Please, feed your data to the machines.
Artificial intelligence is taking the demand for data to a new level. 📈
Let’s say you have access to 5,000 X-ray images of patients who were correctly diagnosed with a particular type of cancer — Type A.
Today, it is surprisingly easy to use this data to train a bot to detect this cancer in new patients.
To build this bot, you’d build an image classifier powered by a neural net and the 5,000 X-ray images would be your training data set.
You’d add another 5,000 X-rays of patients without cancer so the classifier has examples of both healthy and affected X-rays.
In essence, this image classifier bot would look for common patterns at pixel level using image gradients and correlate that pattern to Type-A cancer using a widely used machine learning algorithm called back-propagation.
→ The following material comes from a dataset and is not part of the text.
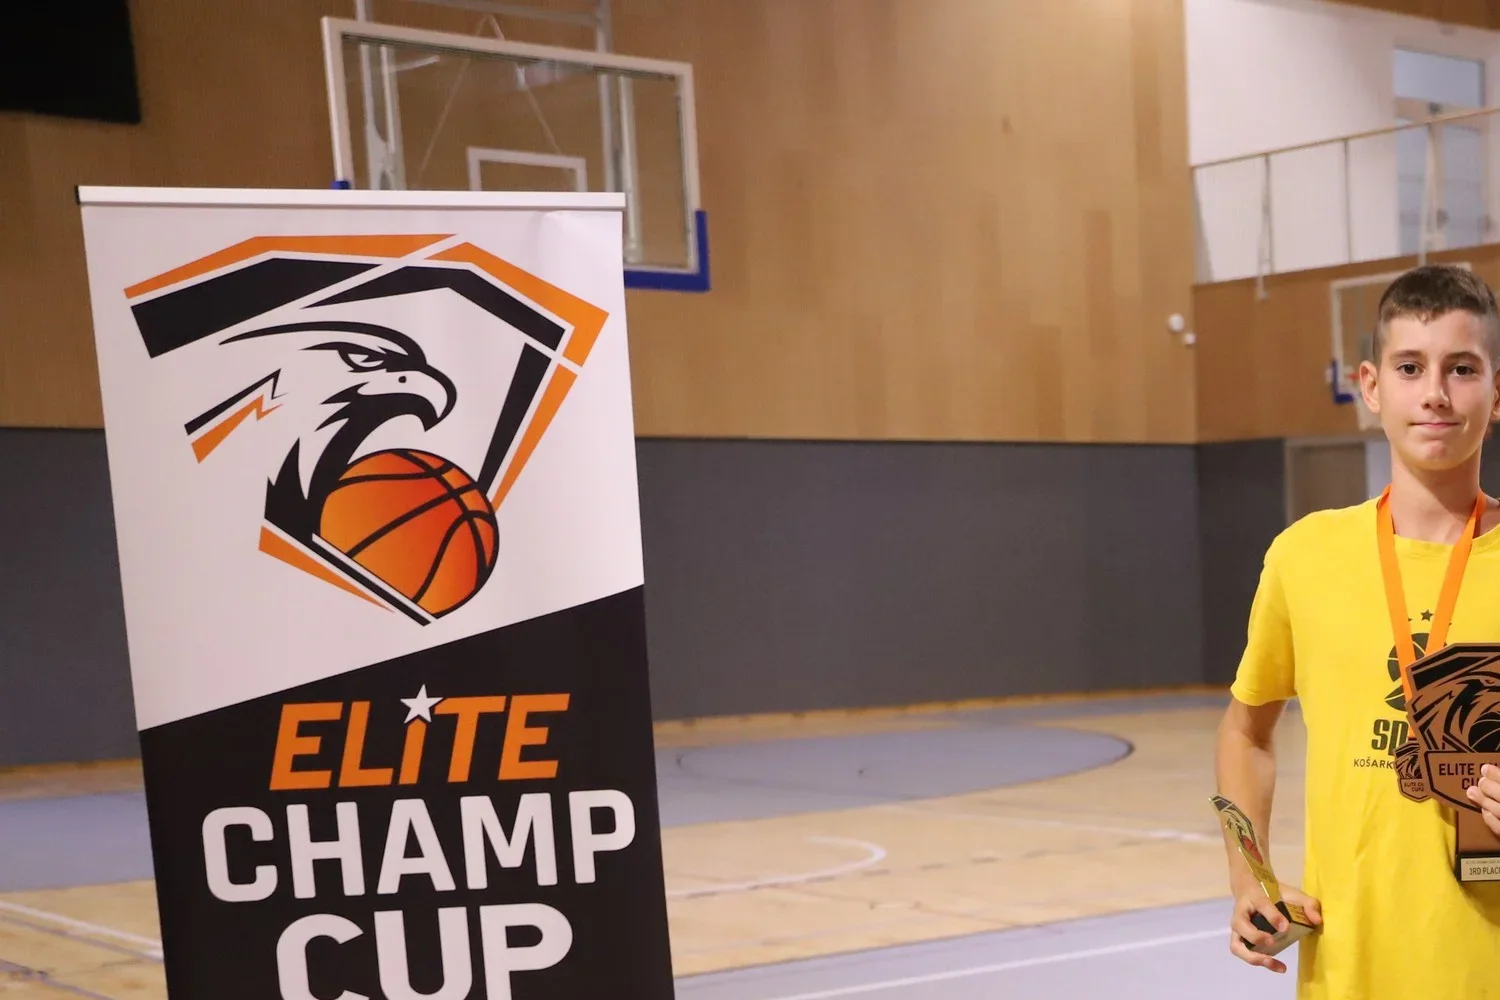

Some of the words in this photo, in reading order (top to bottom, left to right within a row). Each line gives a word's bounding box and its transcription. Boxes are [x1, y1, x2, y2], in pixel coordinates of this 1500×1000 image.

Note that YOU don’t have to specify the patterns at the pixel level to the bot for it to detect the cancer. That would be a highly inefficient process and possibly inaccurate as well.
Instead, in our deep learning model, the bot looks for the patterns itself. It painstakingly evaluates small grids of pixels of an image with the cancer and compares it to the corresponding grid in ALL the other images to find the patterns that exist. For further reading, you can check out concepts like kernel convolutions or how bots are detecting various object in Kaggle competitions.
If you want to dive deeper into the tech, you can read my essay “Learning at Scale & The End of ‘If-Then’ Logic”.
The point is, using currently available open-source/SaaS deep learning platforms, a bit of motivation and access to the right data set, one could set this bot up in no time.
Once trained, if you input a new patient’s X-ray, the classifier would be able to say things like “There’s a 98% chance that this is a Type A Cancer”.
If you’ve been through a cancer diagnosis process of a loved one, you know how important it is to be certain. That’s why people get the second, the third and the fourth opinion from different doctors.
Using this bot, every patient can be more confident about a diagnosis, a lot faster.
The best part is that if you continue to add more X-ray images of correctly diagnosed Type A cancer, the bot will continue to get better at detecting it.
As machine learning techniques become more mainstream, a lot more value will be placed on data because machines can learn from it to do our jobs better than us.
This above use-case isn’t science fiction.
At John Radcliffe Hospital, a team of researchers from Oxford University are using electrocardiogram images (Eco test) of the heart to detect heart diseases. The system is called Ultromics and it consistently performs better than human cardiologists. The team has access to Oxford University’s heart imaging database and they are training their machine learning algorithms with these images to detect various heart diseases.
Google’s DeepMind is using a similar system to train an AI to detect eye disease by looking at thousands of retina scans at London’s Moorfields Eye Hospital.
In a double blind study, IBM Watson for Oncology’s breast cancer treatment recommendations was 90% concordance with the recommendation of a tumor board consisting of multi-disciplinary doctors and practitioners. Here, the training data comes from medical records of past patients, medical journal and books.
Needless to say, AI/ML use-cases are not limited to healthcare but they show us how valuable data is to solve real problems.
Most organizations/businesses/governments are sitting on top of literal goldmines of data that could be made into powerful AI products.
Unfortunately, not enough is being done. Not fast enough.
Data is a source of great power. And with great power comes great responsibility.*
So if you’ve got access to valuable data, you better be building something useful with it.